◆ Instructions for the task
All of the listing should be output exactly, apart from the pictures.
(Beginning of Available records)
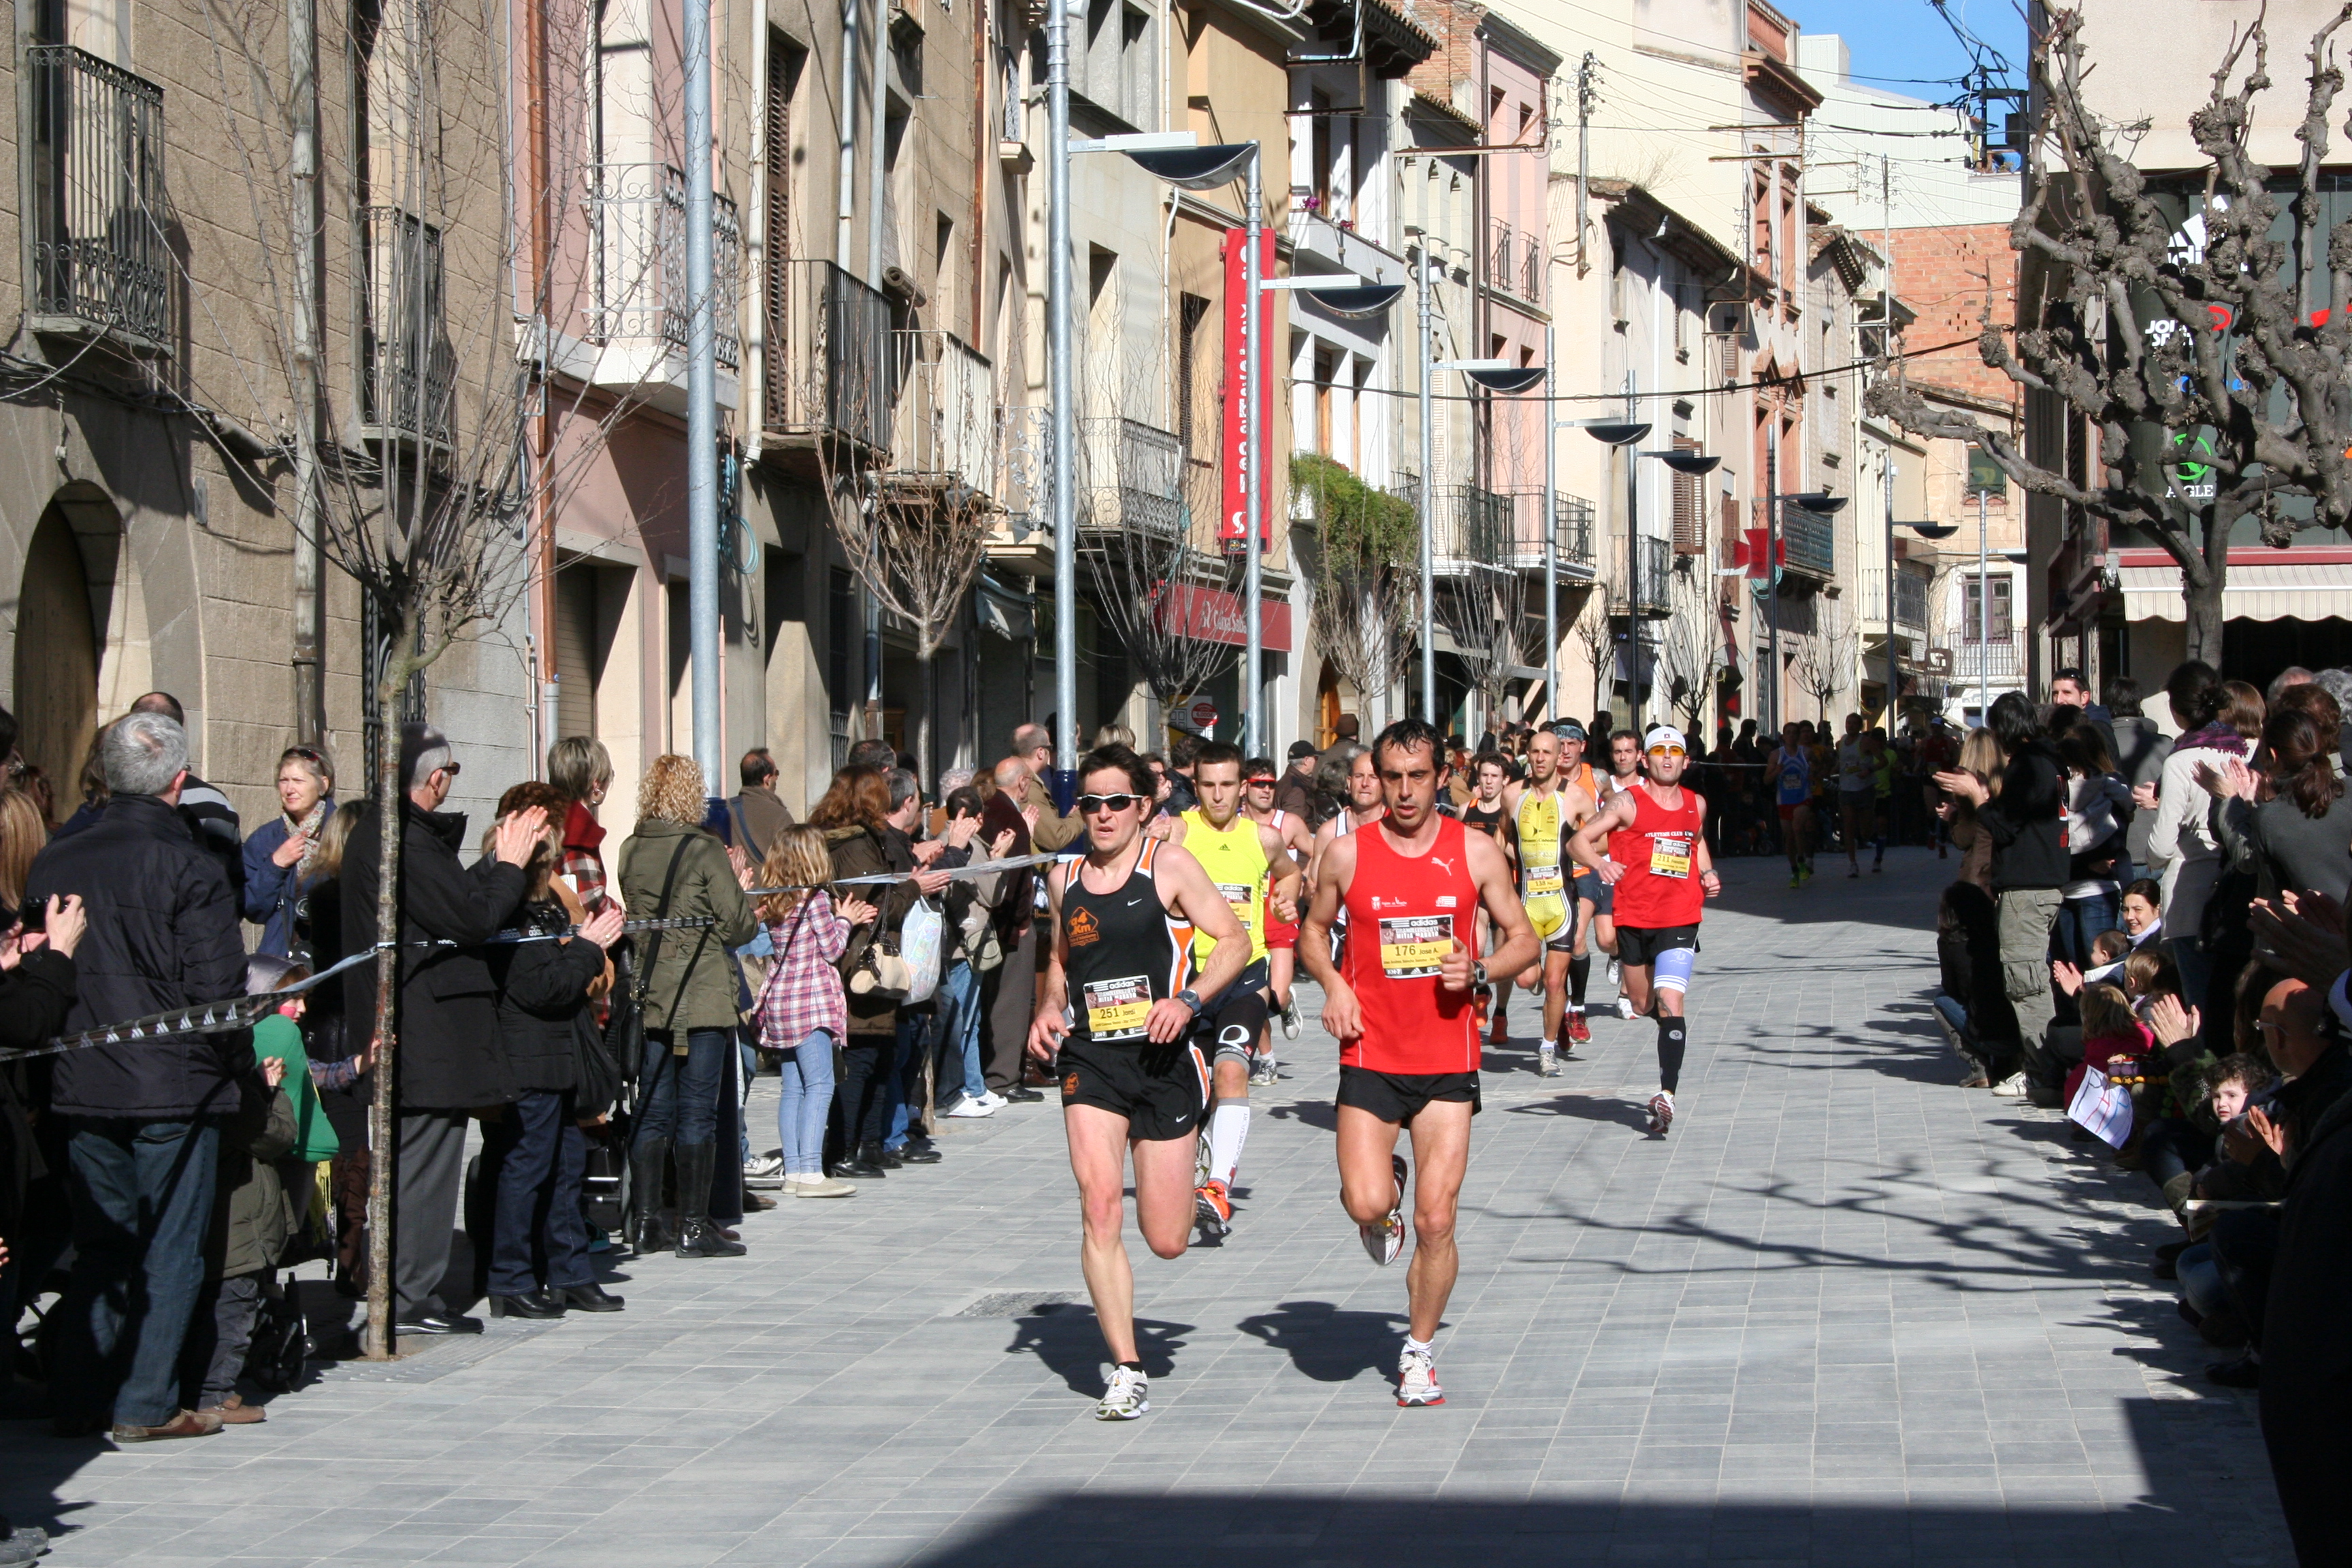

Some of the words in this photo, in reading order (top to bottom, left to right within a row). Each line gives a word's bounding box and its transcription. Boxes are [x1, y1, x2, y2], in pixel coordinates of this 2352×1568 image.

[2144, 319, 2188, 335] JO
[2165, 485, 2215, 498] AGLE
[1657, 855, 1670, 863] 211
[1395, 945, 1416, 956] 176
[1109, 980, 1135, 990] adidas
[1100, 1007, 1120, 1019] 251
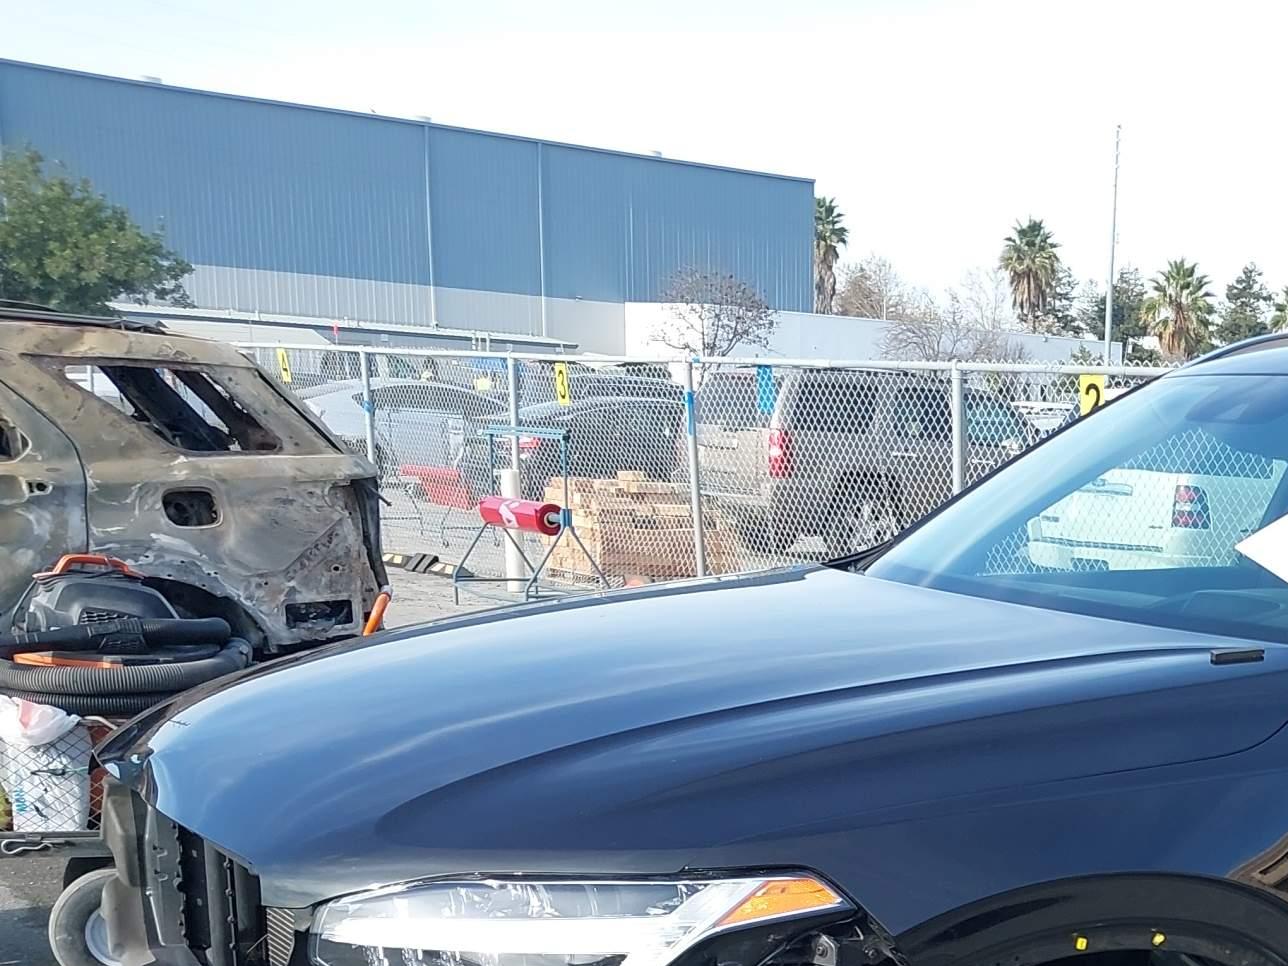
(End of Available records)
◆ Task solution
Some of the words in this photo, in reading order (top to bottom, left to right within a row). Each line gives a word's bounding box and its transcription. Boxes are [x1, y1, x2, y2], in pixel coordinates of this 2352×1568 image.

[2144, 319, 2188, 335] JO
[2165, 485, 2215, 498] AGLE
[1657, 855, 1670, 863] 211
[1395, 945, 1416, 956] 176
[1109, 980, 1135, 990] adidas
[1100, 1007, 1120, 1019] 251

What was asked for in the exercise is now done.